CLEARWATER, Fla. -- Phillies reliever Phillippe Aumont ran in from the bullpen in the ninth inning Saturday afternoon in Phoenix and found himself right smack in the middle of an international incident.
“It was pretty intense,” Aumont said Tuesday after rejoining the Phillies following his three-game hiatus with Canada in the World Baseball Classic. “It was the first time I’ve ever been in an actual brawl where people were going to town on it.”
The melee started after Mexico’s Arnold Leon disregarded an umpire’s warning following two brush back pitches and drilled Canada’s Rene Tosoni. Fists started flying, but a little order had been restored by the time Aumont made it into the middle of the scrum from the Canadian bullpen.

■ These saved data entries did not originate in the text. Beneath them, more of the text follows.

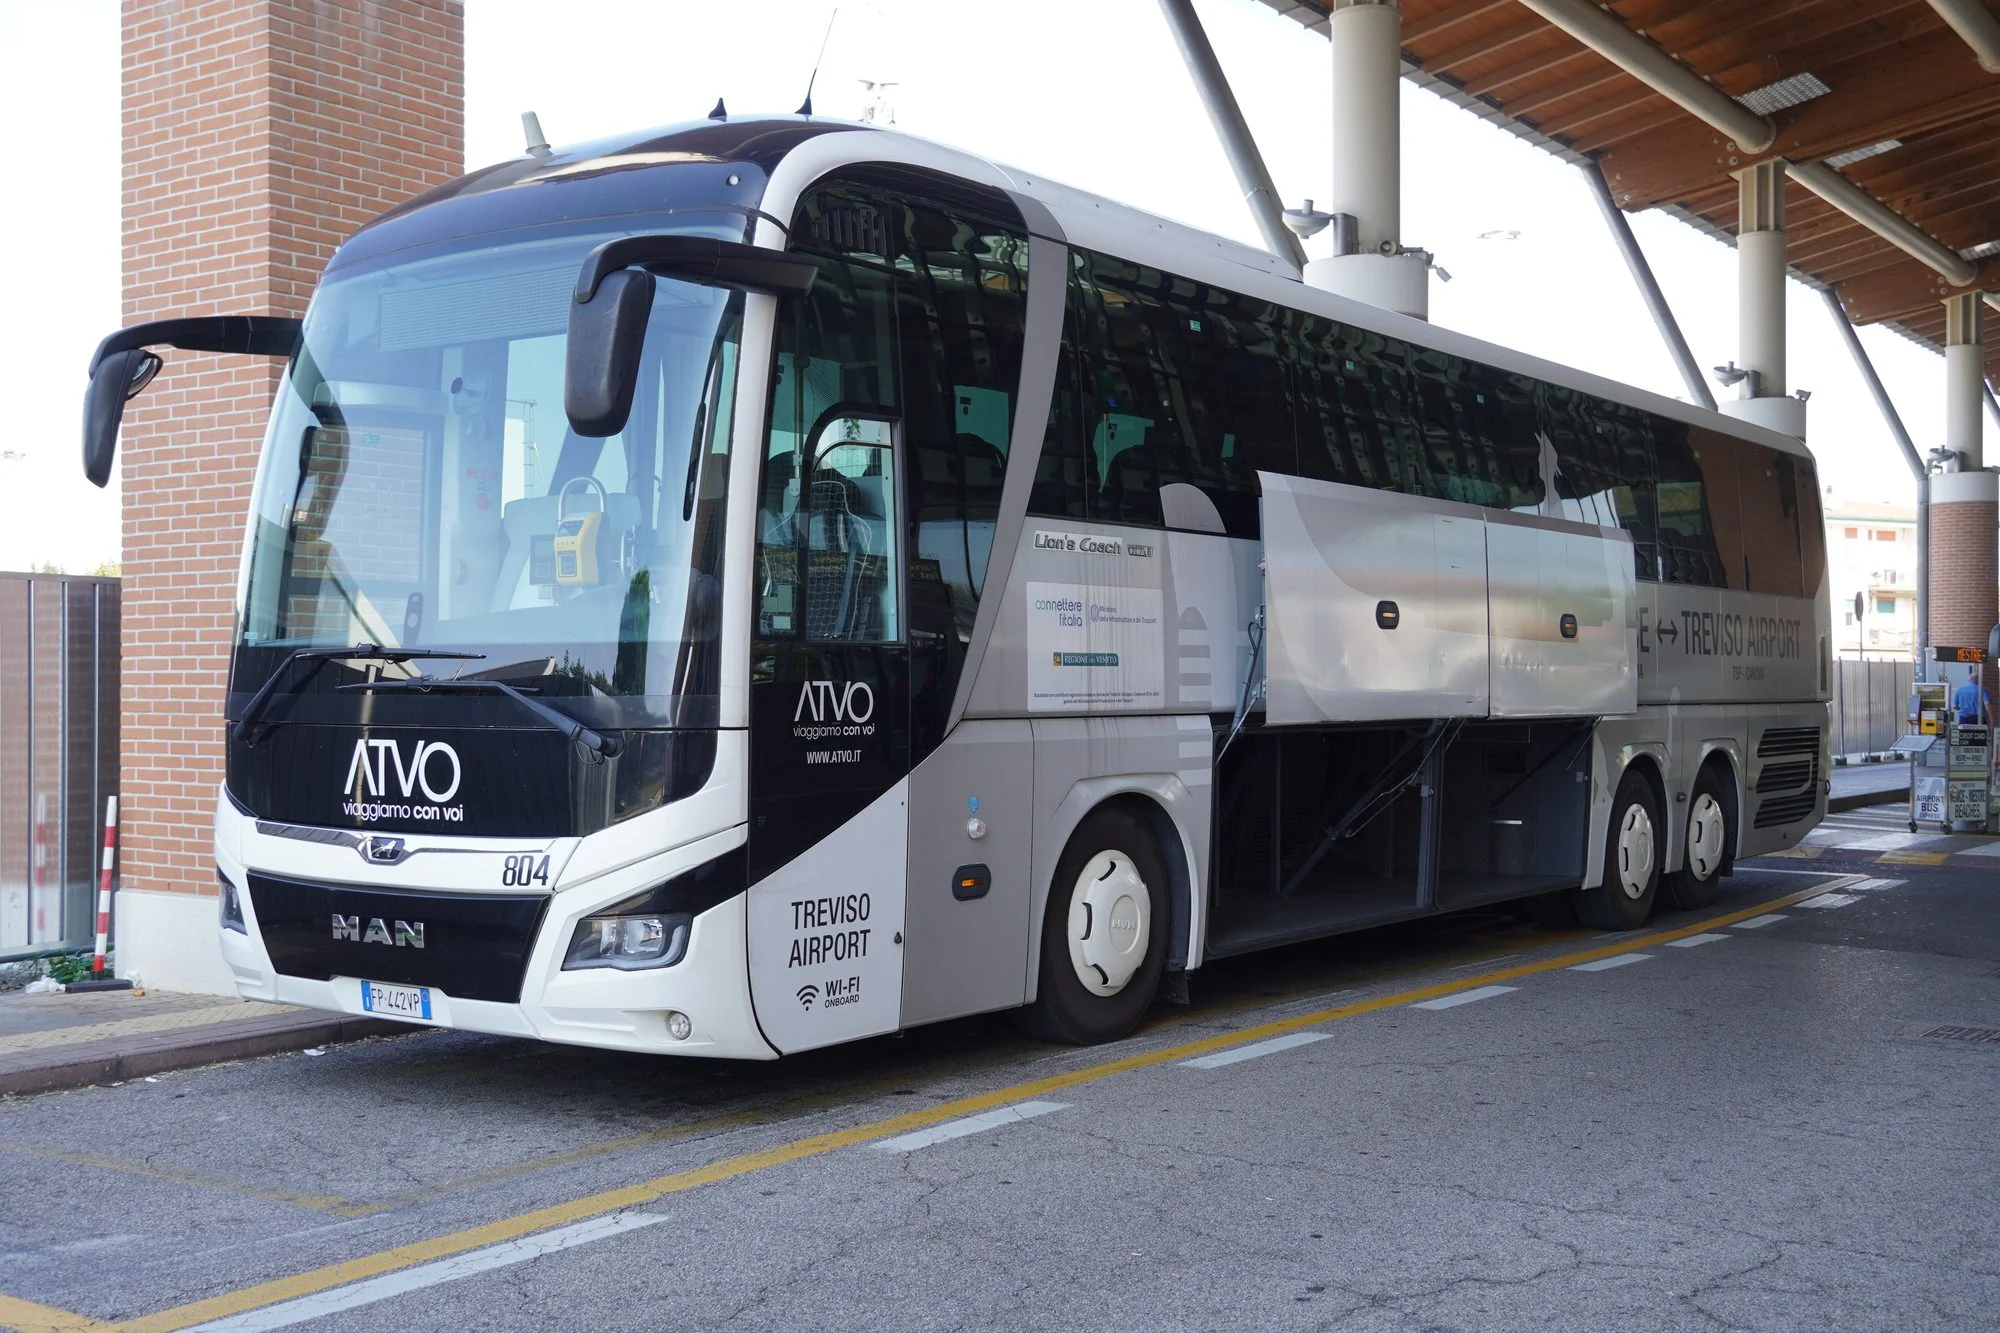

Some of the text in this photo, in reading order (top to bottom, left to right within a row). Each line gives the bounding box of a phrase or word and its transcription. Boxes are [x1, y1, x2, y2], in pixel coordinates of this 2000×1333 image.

[1034, 533, 1121, 554] Lion's Coach
[1035, 599, 1082, 612] connettere
[1636, 607, 1801, 659] E TREVISO AIRPORT
[794, 680, 874, 723] ATVO
[793, 723, 875, 740] viaggiamo con voi
[806, 749, 862, 764] WWW.ATVO.IT
[343, 738, 461, 802] ATVO
[343, 799, 463, 821] viaggiamo con voi
[1921, 802, 1939, 812] BUS
[1954, 803, 1980, 818] BEACHES
[502, 855, 550, 886] 804
[791, 893, 870, 930] TREVISO
[332, 914, 425, 948] MAN
[788, 928, 871, 968] AIRPORT
[826, 976, 860, 997] WI-FI
[824, 994, 860, 1008] ONBOARD

“I was trying to stay out of trouble,” he said. “I was more frozen than anything else when I got there. When I got there everything kind of separated. I looked out and tried not to get sucker punched or anything.”

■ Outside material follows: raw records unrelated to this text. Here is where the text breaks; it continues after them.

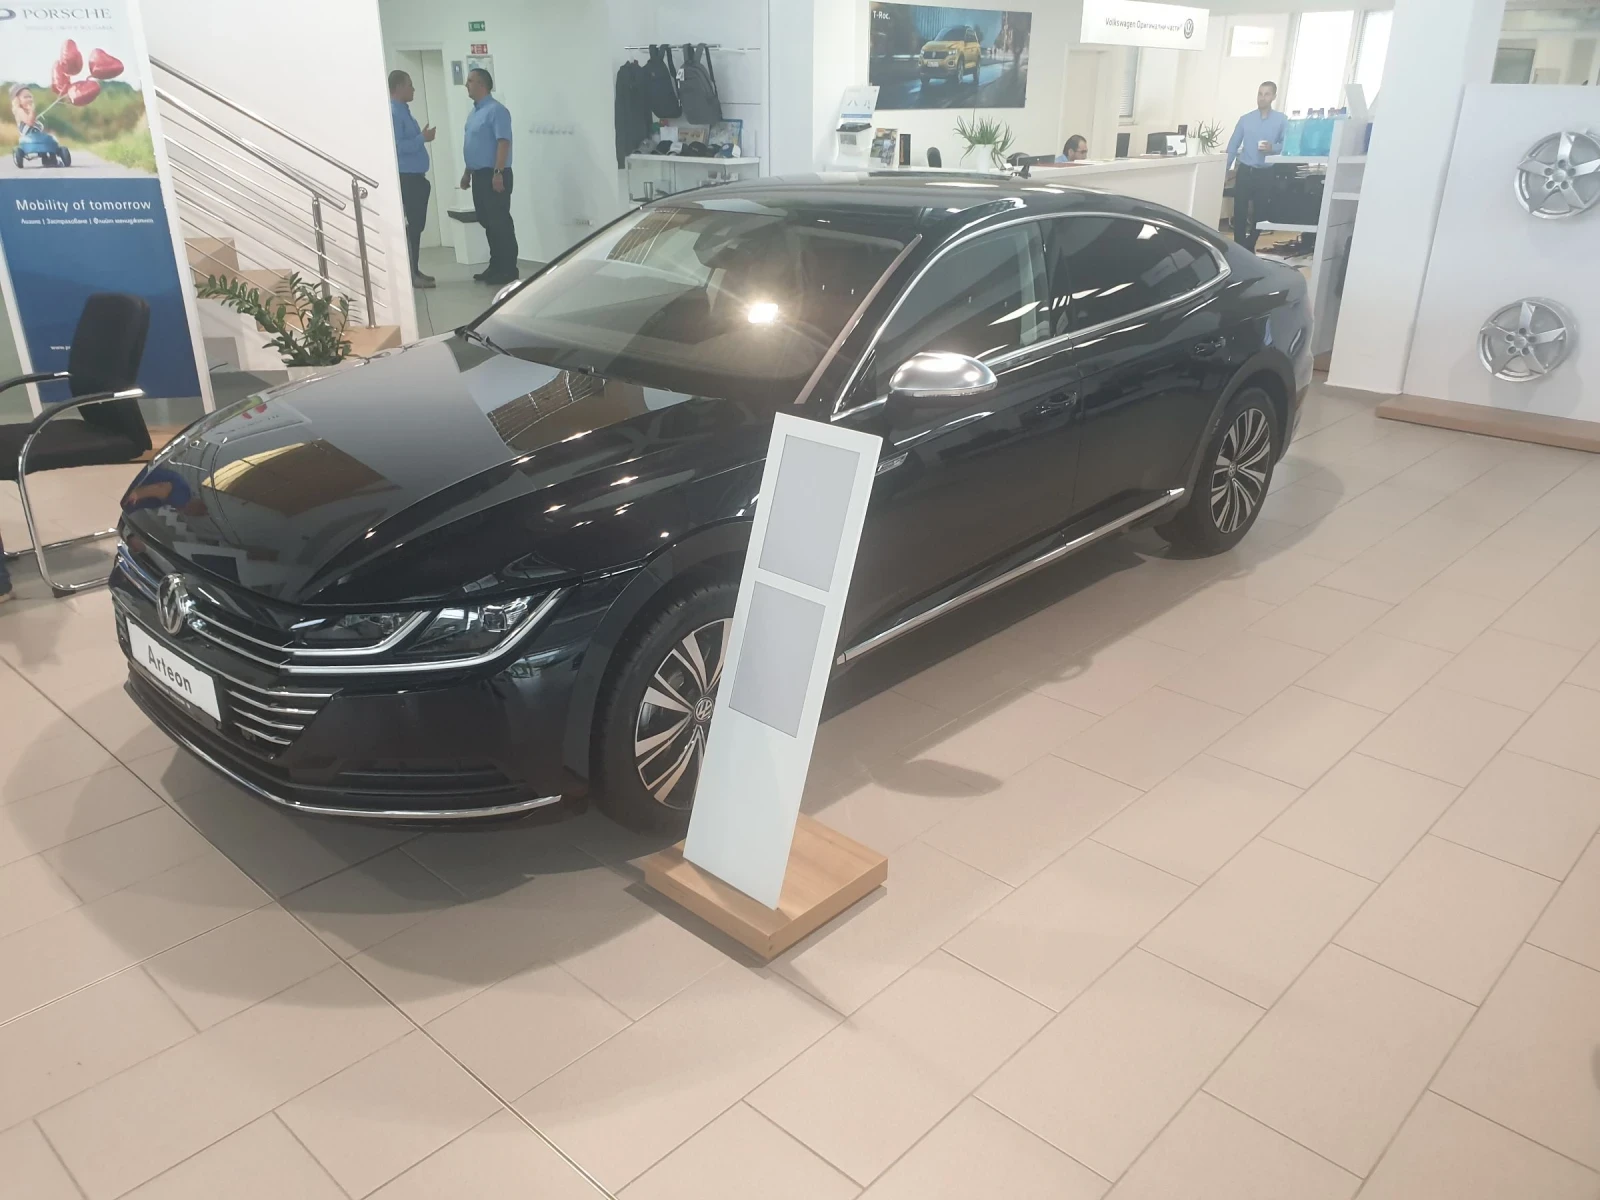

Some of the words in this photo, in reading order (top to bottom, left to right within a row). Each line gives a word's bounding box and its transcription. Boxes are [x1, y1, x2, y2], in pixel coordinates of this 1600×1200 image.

[22, 8, 112, 20] PORSCHE
[1105, 17, 1136, 30] Volkswagen
[16, 199, 69, 213] Mobility
[73, 199, 86, 210] of
[90, 200, 151, 211] tomorrow
[148, 644, 193, 695] Arteon

Afterward, the testosterone level in the Canadian clubhouse was still high.
“Just a bunch of failed hockey players pumped up and ready to do another one,” Aumont said. “That's what they call (Canadian baseball players) -- failed hockey players. We were all cheering and pumped up, obviously looking at the video and seeing what really happened.”
Aumont made some news shortly after the game by sending out a tweet that called out his Phillies teammate Sebastian Valle, the catcher for Mexico when the brawl started. “Phillies fan.. How about Valle swinging at people with his catchers mask.. #stupid.”
“Heat of the moment,” Aumont said. “I took it off right after that. It was something that at the moment I was frustrated about and, like I said, it was a heat of the moment thing. After that I deleted it and I thought about it and it was not right for me to say that.”
Aumont said he did not say too much to Valle, who also returned to camp Tuesday but was among five players optioned to the minor leagues before the Grapefruit League game against the Detroit Tigers.
“I probably said hi this morning, but it’s not like I’m going to look at him and try to fight him,” Aumont said. “The guy is my teammate. On the field it was different. What he did I thought was a little low, but that’s none of my business. He’s the one who deals with that.”
What Aumont must deal with now is his bid to make a big-league opening-day roster for the first time in his career. Because of his power arm, the 24-year-old righthander is considered a favorite to be among the team’s seven-man relief corps, but nothing is guaranteed.
“I feel good,” he said. “I just got to keep throwing strikes. Obviously that game against Italy wasn’t good for me, but I just have to erase that and go off what I did before I left and what I did in that game against the U.S. I have to feed off that and keep going from there.”
Aumont had mixed results in his two World Baseball Classic appearances. He allowed three runs on five hits in two-thirds of an inning in his first game against Italy, which resulted in a costly loss for Canada. He rebounded a few days later to pitch a scoreless inning against the United States, allowing the Canadian team to maintain a 3-2 lead through the seventh inning. The U.S. team rebounded to win with seven runs in the final two innings.
"It was the craziest thing I've ever been to,” Aumont said of the tournament. “Mexico, obviously, was really intense, and the U.S. game was the best game I've ever been a part of. From there first pitch until they finished us in the ninth inning, I had butterflies the entire game. It was do or die and so much fun. Every run, getting up, cheering, high-fiving and all that stuff. I threw that seventh inning and I came in (to the dugout) and I was still shaking. I was like, 'We got this, we're going boys!’ ”
Instead, the U.S. team won and Aumont was back in Phillies camp Tuesday morning. The adrenaline level may be down a little in the next few weeks, but there is still plenty on the line for the young righthander from Canada.